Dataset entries
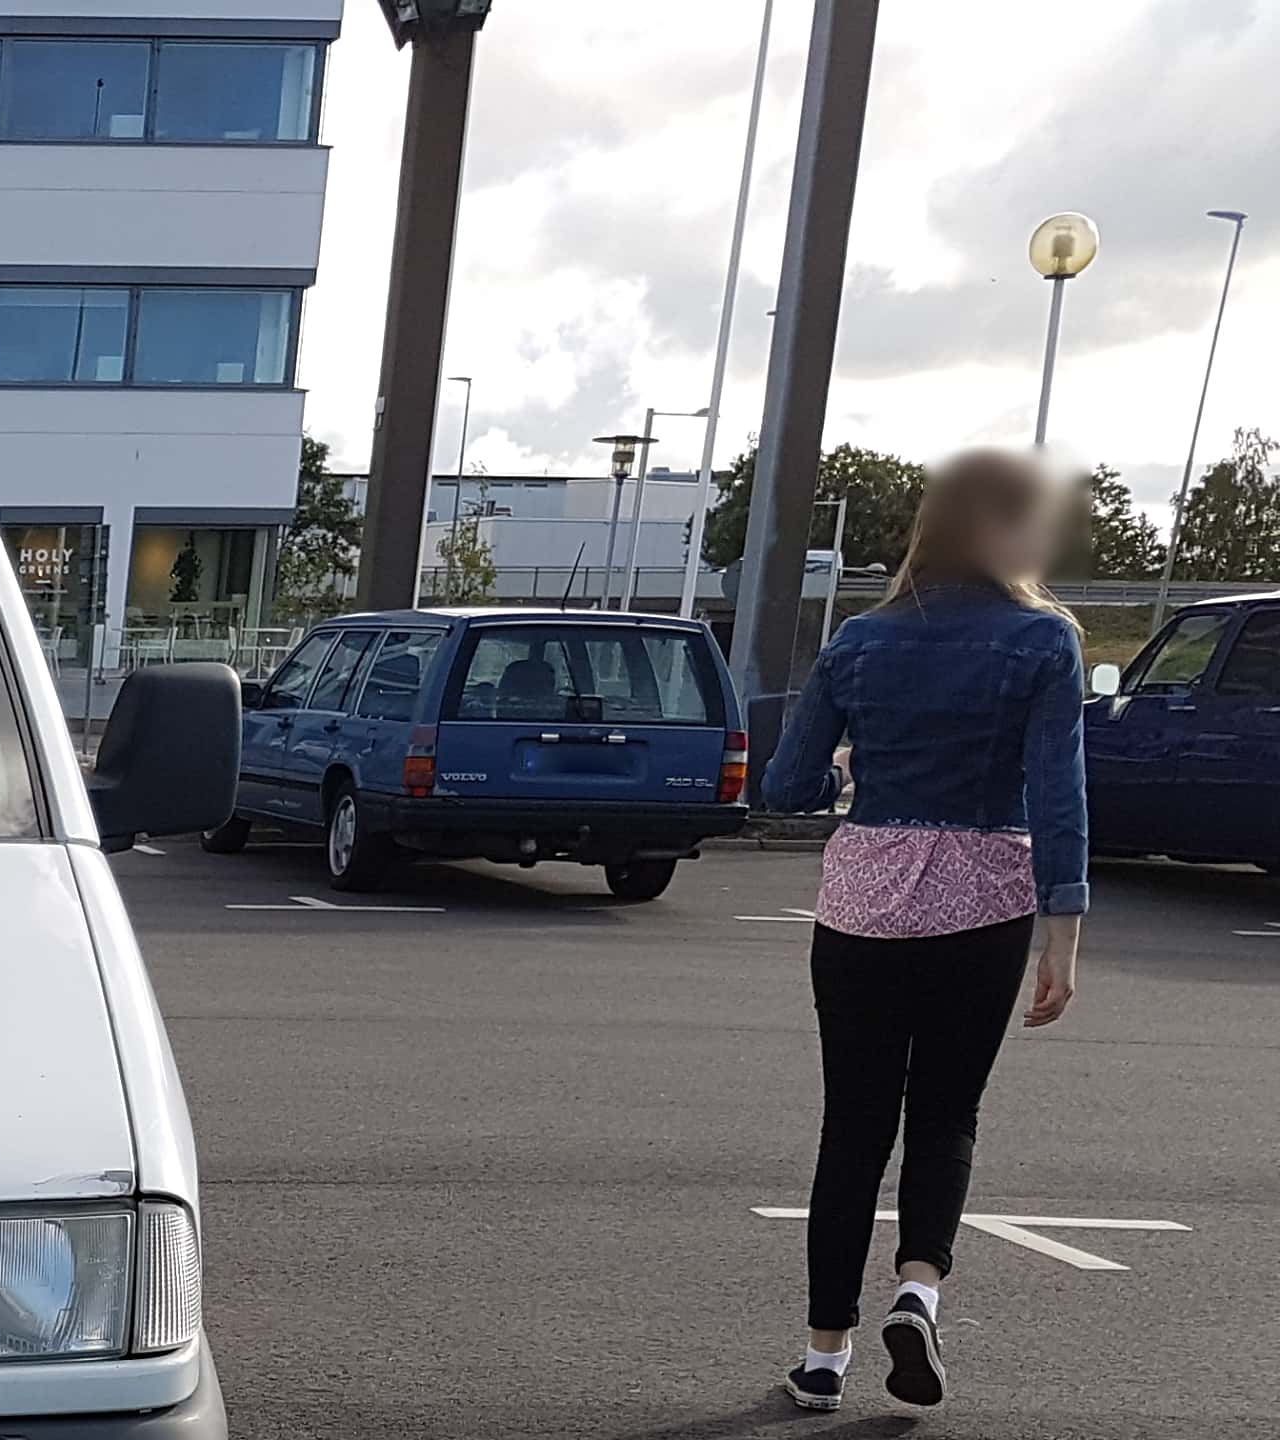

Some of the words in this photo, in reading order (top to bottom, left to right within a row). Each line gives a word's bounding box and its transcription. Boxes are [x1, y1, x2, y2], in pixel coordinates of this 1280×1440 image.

[20, 548, 73, 562] HOLY
[19, 564, 70, 575] GREENS
[440, 772, 487, 781] VOLVO
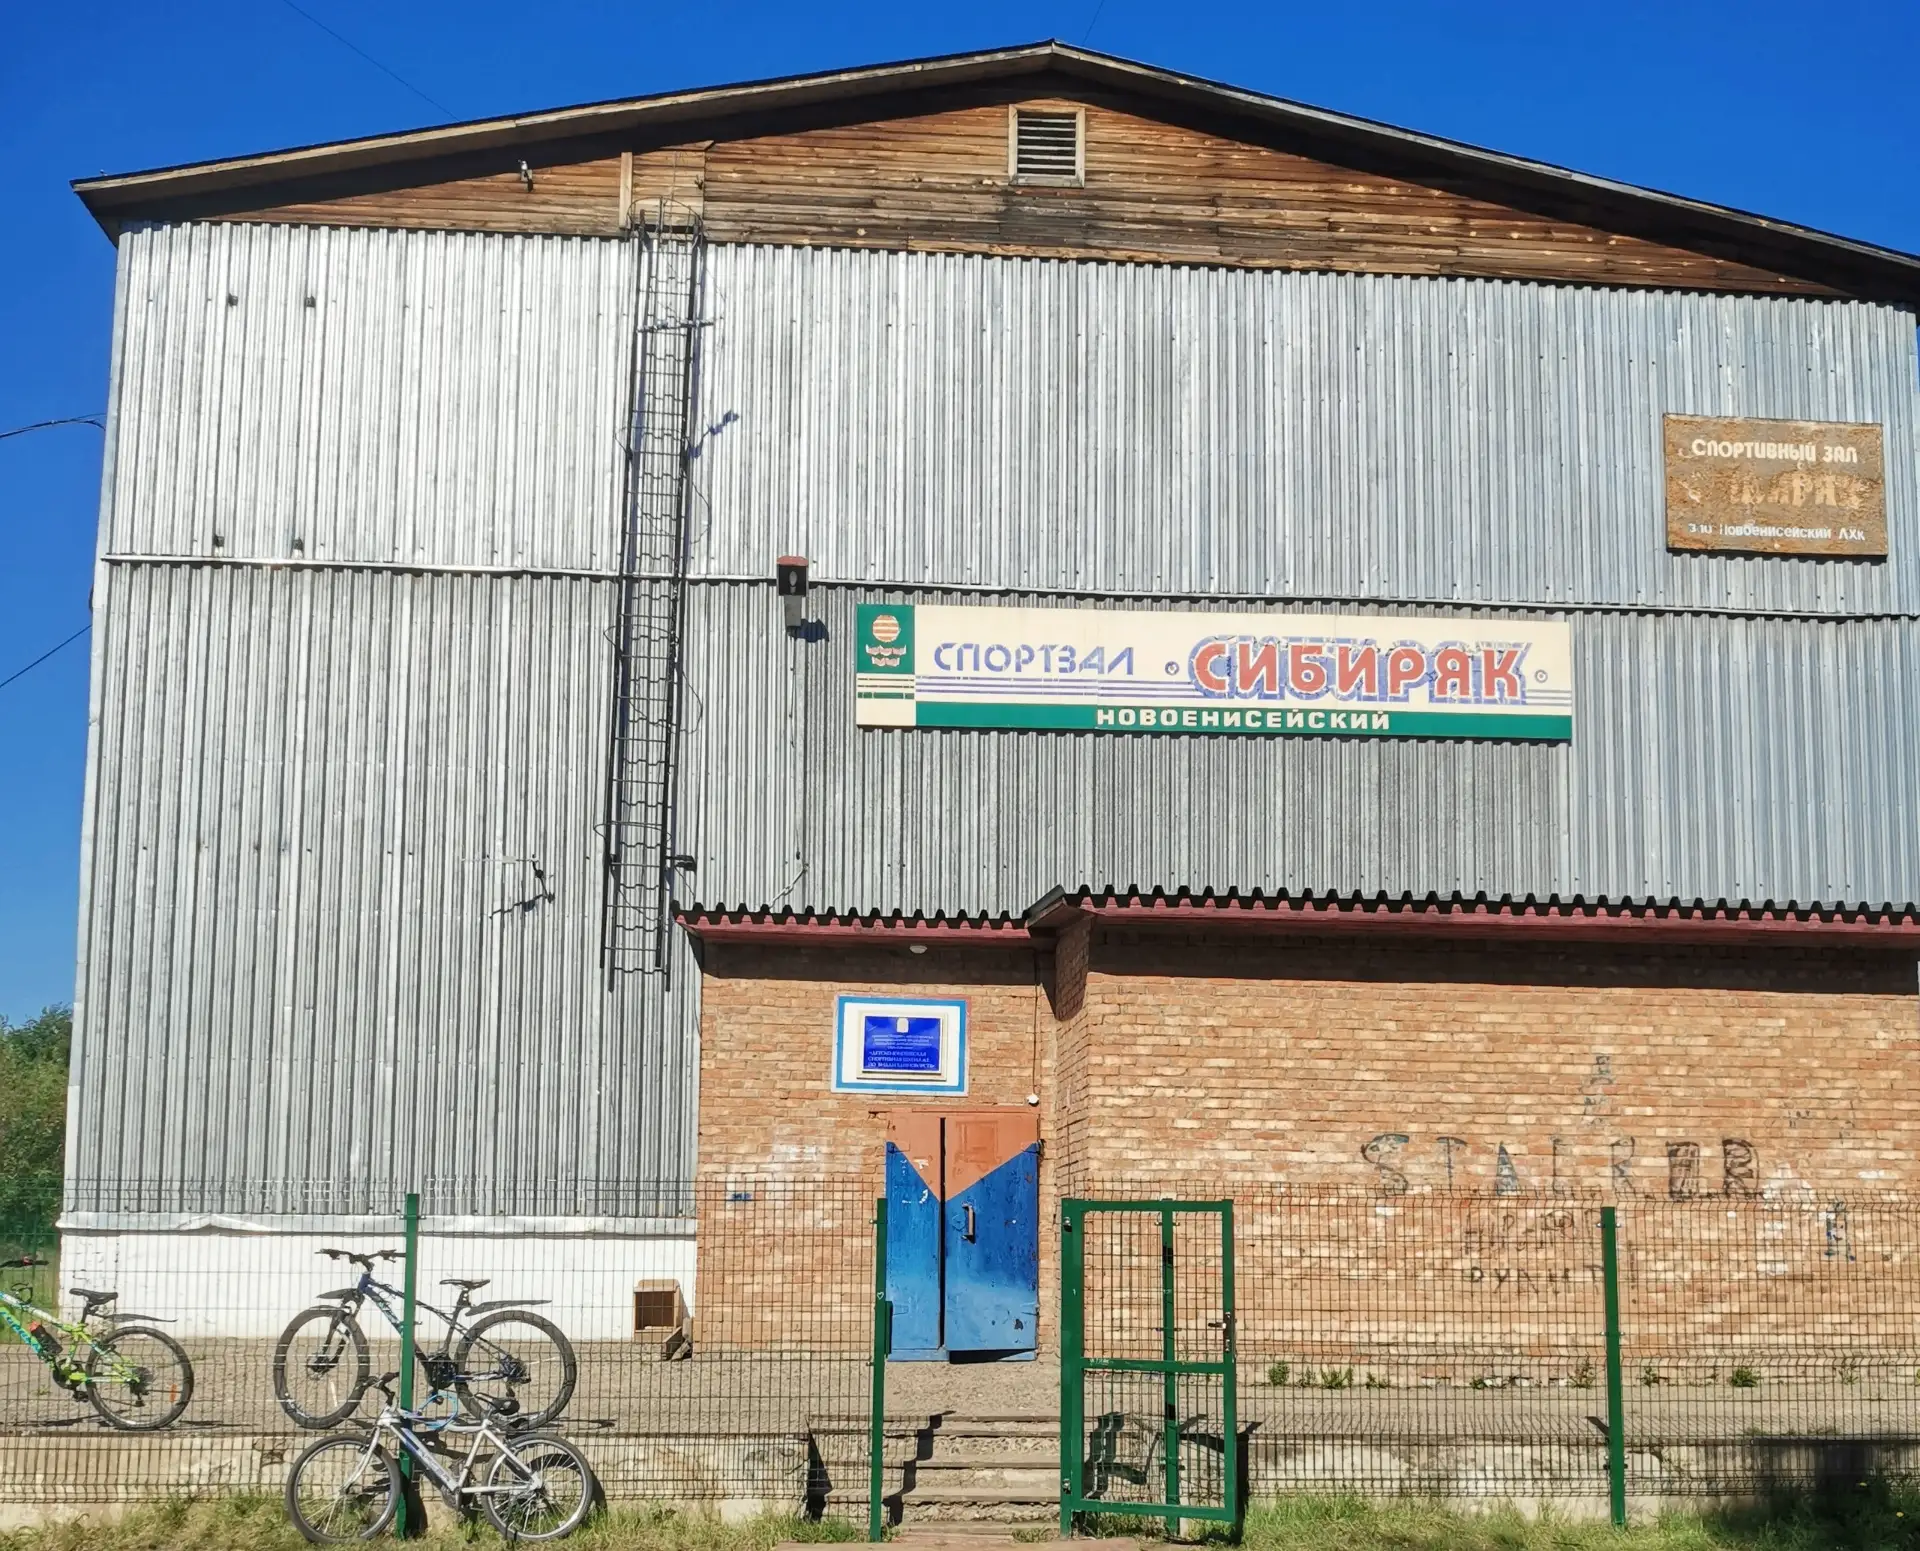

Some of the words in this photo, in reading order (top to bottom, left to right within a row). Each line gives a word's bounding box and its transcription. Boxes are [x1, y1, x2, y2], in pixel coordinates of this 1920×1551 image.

[933, 642, 1135, 676] СПОРТЗАЛ
[1189, 637, 1529, 703] СИБИРЯК
[1096, 708, 1391, 730] НОВОЕНИСЕЙСКИЙ

*EXERCISE INSTRUCTIONS:*
Send back the data above word for word, with the pictures left out.

*ANSWER AREA:*
Some of the words in this photo, in reading order (top to bottom, left to right within a row). Each line gives a word's bounding box and its transcription. Boxes are [x1, y1, x2, y2], in pixel coordinates of this 1280×1440 image.

[20, 548, 73, 562] HOLY
[19, 564, 70, 575] GREENS
[440, 772, 487, 781] VOLVO

Some of the words in this photo, in reading order (top to bottom, left to right within a row). Each line gives a word's bounding box and its transcription. Boxes are [x1, y1, x2, y2], in pixel coordinates of this 1920×1551 image.

[933, 642, 1135, 676] СПОРТЗАЛ
[1189, 637, 1529, 703] СИБИРЯК
[1096, 708, 1391, 730] НОВОЕНИСЕЙСКИЙ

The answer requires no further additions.